A comissão especial da Câmara adiou nesta segunda-feira (25) a votação da Proposta de Emenda à Constituição (PEC) que extingue a chamada escala 6x1. O pedido de vista foi apresentado pelo deputado Maurício Marcon (PL-RS) logo após a leitura do parecer de 76 páginas do relator Leo Prates (Republicanos-BA), que consumiu quase três horas e meia. O presidente da comissão, Alencar Santana (PT-SP), aceitou a suspensão; pelo regimento, o prazo automático é de duas sessões em plenário.

A expectativa é que o texto volte a ser debatido na manhã de quarta-feira (27). O relator propõe um período de transição: depois da promulgação, a jornada semanal cairia inicialmente de 44 para 42 horas após 60 dias, e um ano depois seria reduzida para 40 horas. O presidente da comissão, Hugo Motta, já indicou a intenção de votar o parecer na comissão e levar a proposta ao plenário no mesmo dia, numa tentativa de acelerar a tramitação.

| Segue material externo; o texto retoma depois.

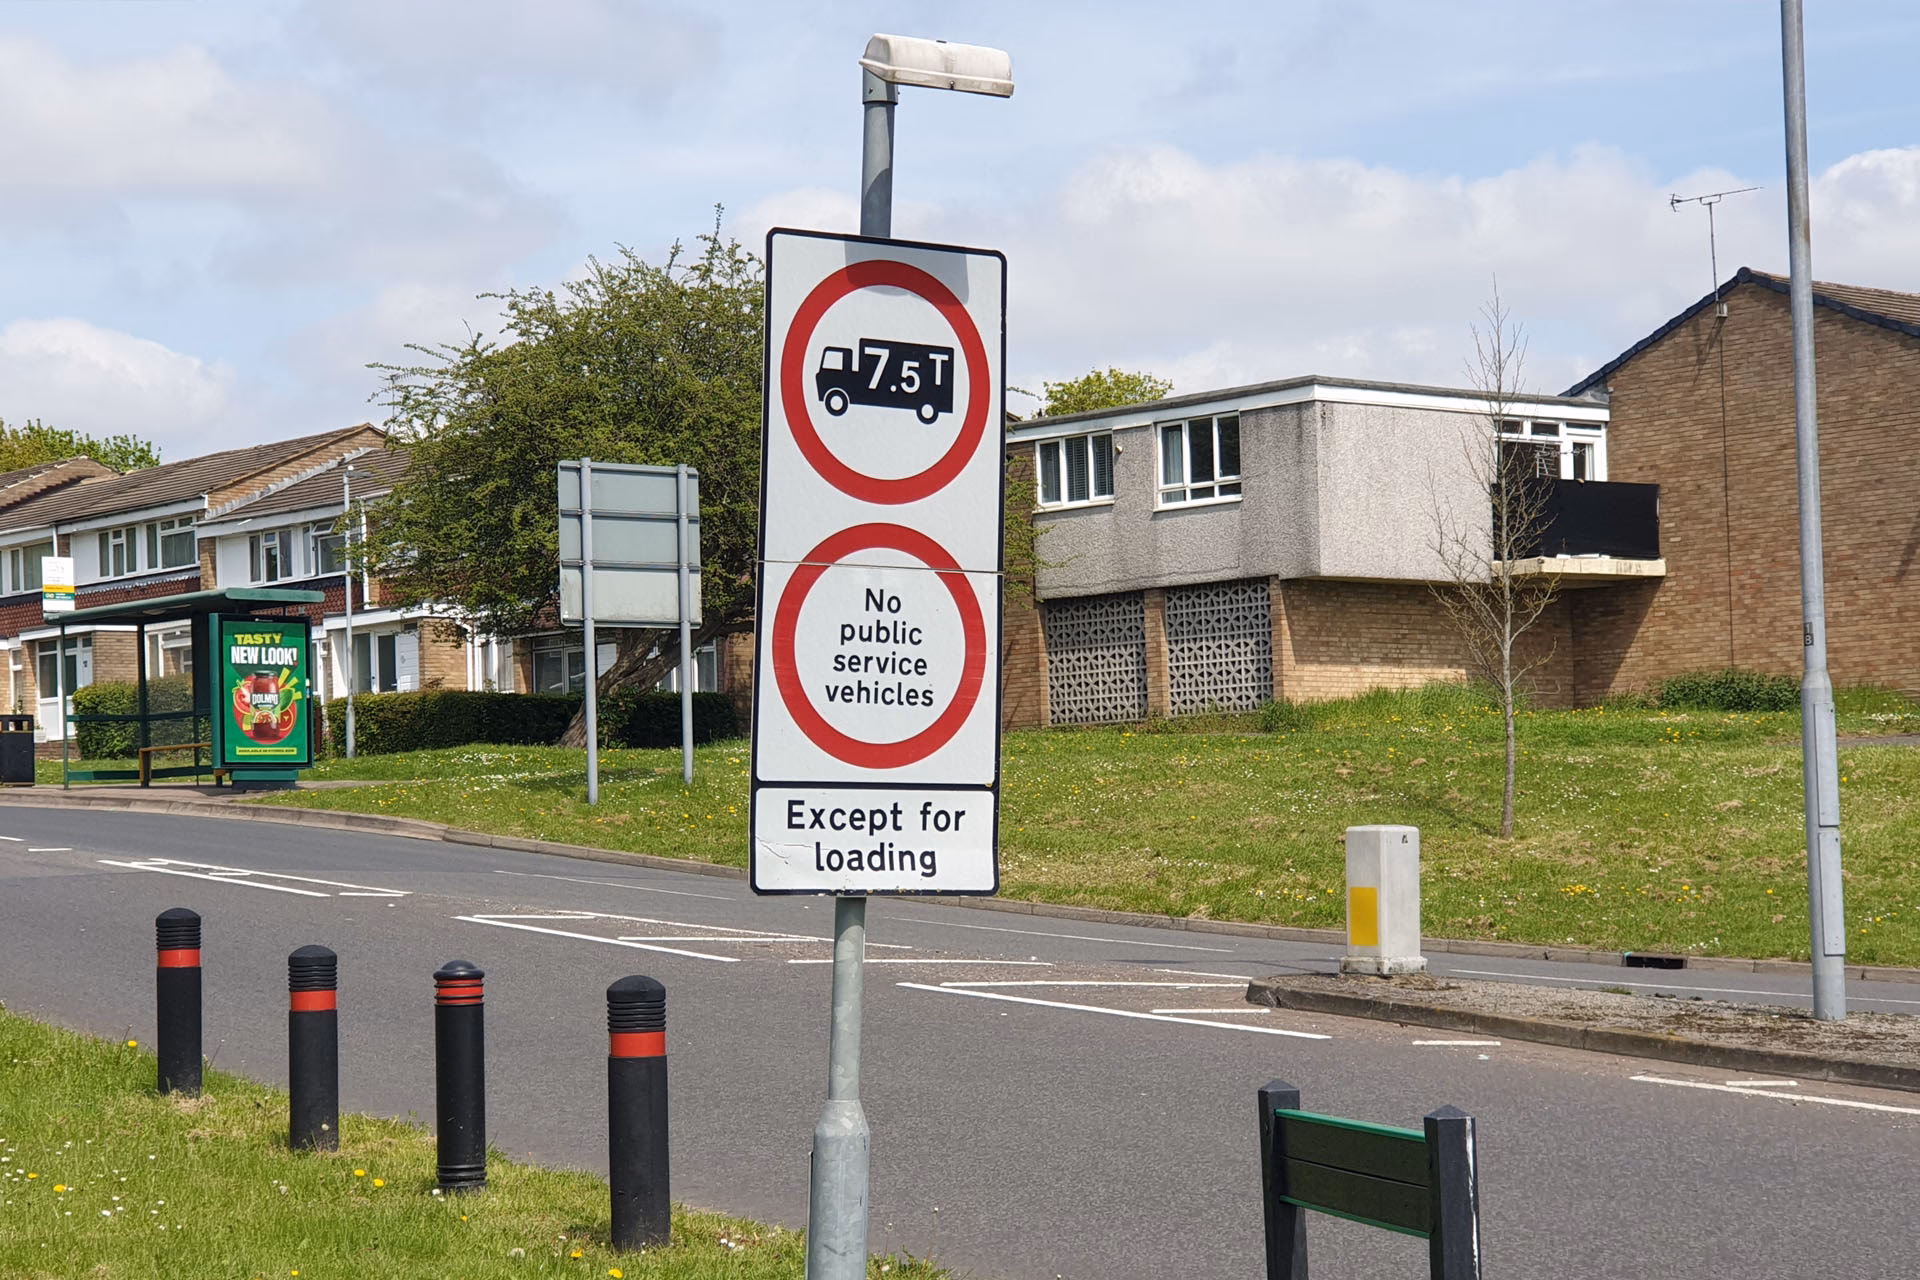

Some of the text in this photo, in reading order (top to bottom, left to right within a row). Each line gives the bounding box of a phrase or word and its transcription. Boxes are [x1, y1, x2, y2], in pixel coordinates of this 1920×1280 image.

[866, 588, 901, 613] No
[234, 633, 282, 645] TASTY
[841, 620, 921, 645] public
[231, 646, 298, 666] NEW LOOK!
[833, 655, 927, 675] service
[826, 680, 933, 706] vehicles
[788, 800, 965, 836] Except for
[816, 842, 936, 877] loading
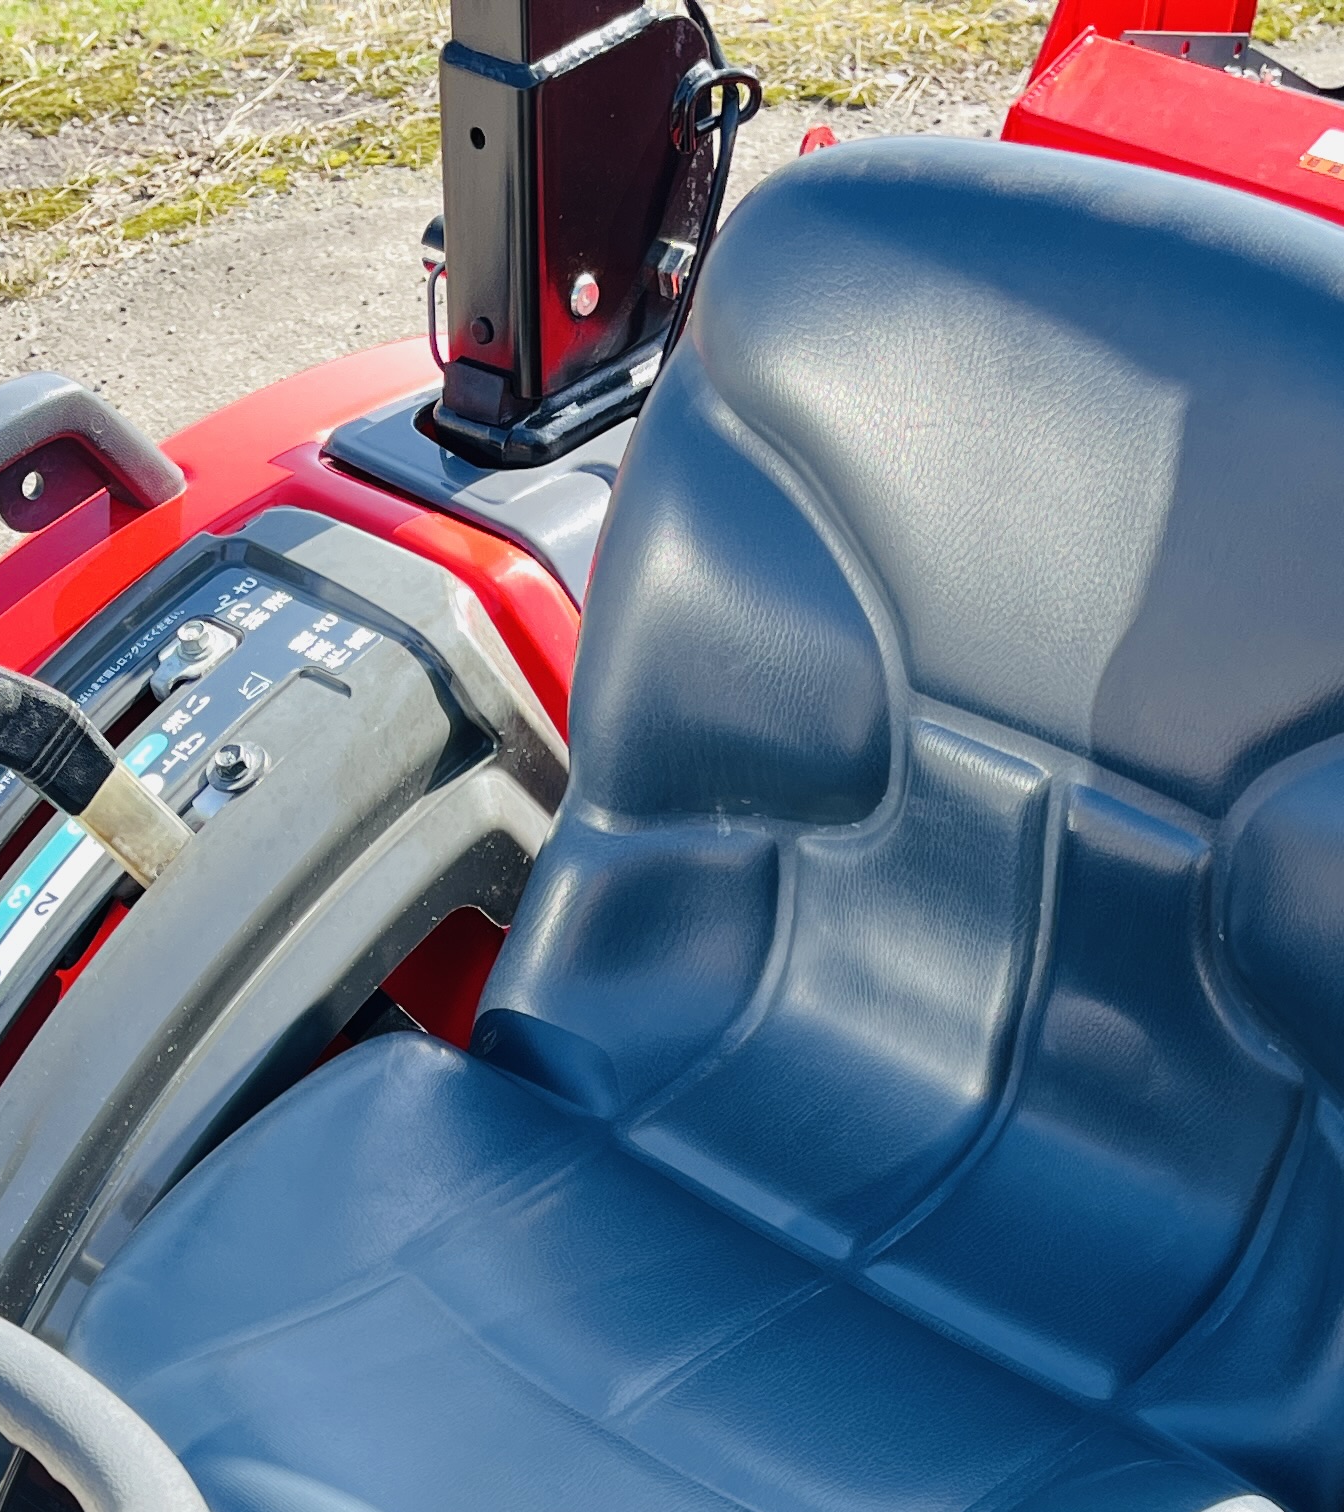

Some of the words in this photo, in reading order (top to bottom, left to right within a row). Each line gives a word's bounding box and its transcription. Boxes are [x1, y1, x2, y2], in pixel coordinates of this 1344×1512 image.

[212, 592, 271, 632] 耕うん
[231, 575, 293, 612] 深さ
[286, 628, 352, 672] 作業機
[310, 612, 376, 651] 高さ
[162, 734, 205, 773] 上げ
[5, 881, 32, 910] 3
[34, 890, 59, 918] 2

O pedido de vista de um parlamentar do PL — partido da base — funciona como sinal político relevante. Mais do que um ajuste técnico, a suspensão revela necessidade de mais tempo para articulação e aponta resistência ou dúvidas dentro da própria coalizão. A estratégia de tentar votar comissão e plenário em sequência aumenta a pressão sobre opositores e aliados, mas a interrupção mostrou que o caminho não está livre e que haverá negociação extra.

Além do mérito jurídico, a proposta tem implicações práticas e fiscais: a redução da jornada exige ajustes na organização do trabalho e deve ter impacto sobre custos e escala de serviços públicos e privados. Cabe ao Congresso e ao governo apresentar estimativas críveis sobre efeitos orçamentários e operacionais antes de acelerar a aprovação. A volta do tema na quarta-feira será um teste da capacidade de costura política em torno de um tema sensível para servidores e empregadores.